Summary of Key Points

A high prevalence of adolescent head/neck injuries, including concussions, was found for both males and females in our U19 cohort. These adolescent head/neck injury rates support the need for further investigation and intervention to reduce injuries among adolescents in U.S. Rugby-7s. More knowledge must be obtained on injurious tackle techniques and contact in general between players, among this young learning population. Proper tackling instruction is important in adolescent rugby players. U.S. Rugby-7s U19 would benefit from similar public health initiatives that exist to reduce head/neck injuries in other popular sports.

The data indicates that proper post-tournament management of youth Rugby-7s participants is important. More awareness and understanding needs to be conveyed to players and staff, as well as application of return to sport policies, to help decrease injury incidence, recurrent injuries, and therefore, severity. Players and coaching staff must be made aware of the conditioning needed to perform in this format, which would possibly mitigate early tournament injury rates and severity. Ligament injury incidences between current cohorts highlight the importance of population and sex-specific injury research programs in order to identify specific trends and optimize injury prevention efforts.

Conclusions

This study is the first to report injury incidence for Rugby-7s U19 players. The overall match injury incidence among U.S. U19 Rugby-7s tournaments was similar compared to adult U.S. community Rugby-7s. The most common time-loss injuries seen among U19 tournaments were concussions (6.2/1000 ph; 34 days), ankle ligaments injuries (5.7/1000 ph; 16 days), and shoulder ligaments injuries (2.4/1000 ph; 23 days). Recurrent injury risk overall was 23% in this adolescent population.

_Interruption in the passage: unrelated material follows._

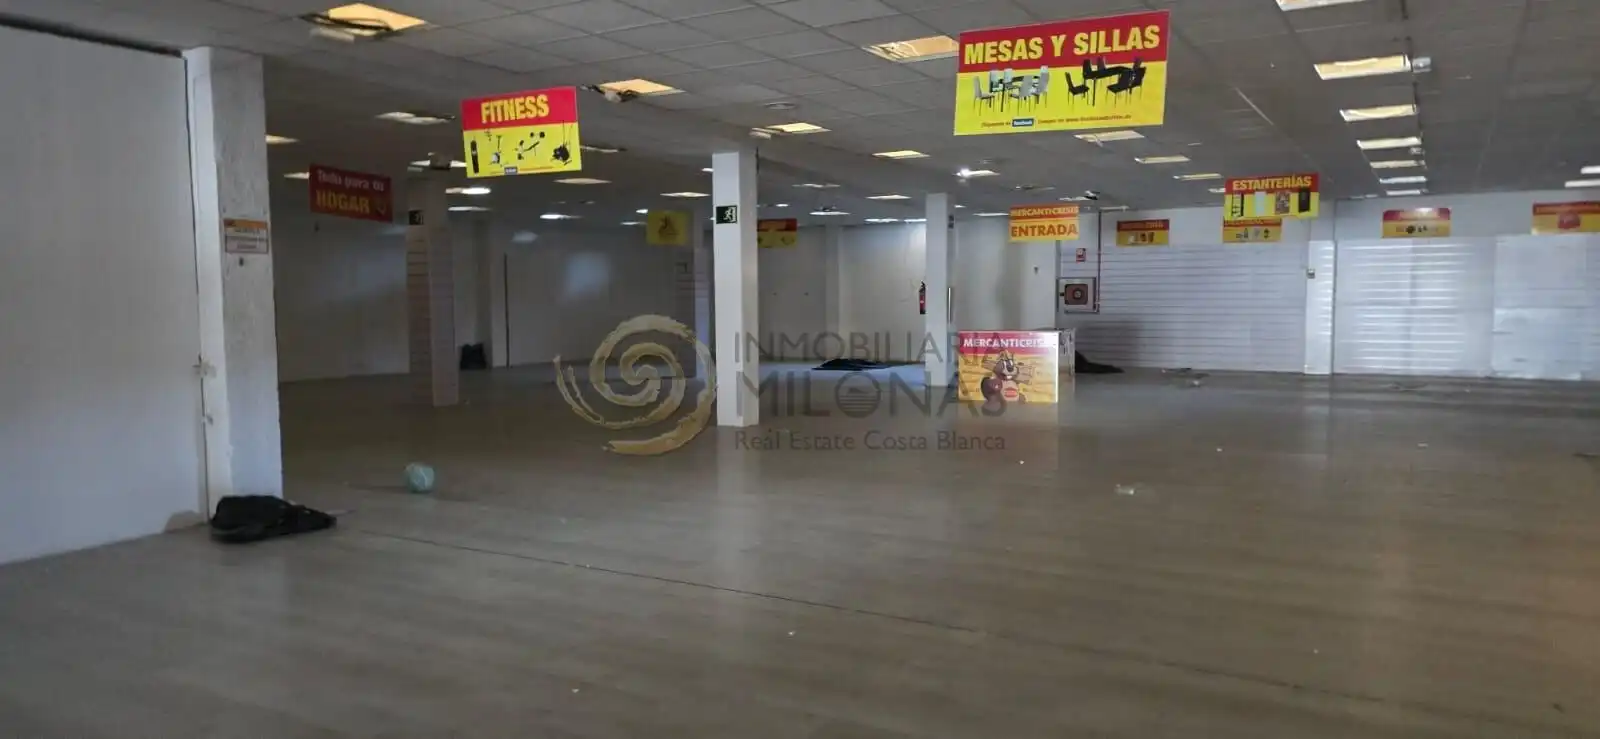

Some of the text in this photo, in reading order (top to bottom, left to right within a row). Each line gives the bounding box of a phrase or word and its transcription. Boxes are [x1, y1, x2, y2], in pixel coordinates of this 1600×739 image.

There were no significant differences in injury incidences between males and females. The first three matches of a tournament day result in the most injuries. Knowledge of these injury patterns in U19 Rugby-7s will help identify areas to direct resources to enable growth of Rugby-7s in youths and emerging countries being exposed to Rugby-7s. Community injury surveillance studies are essential to understand risks from participation in amateur sports.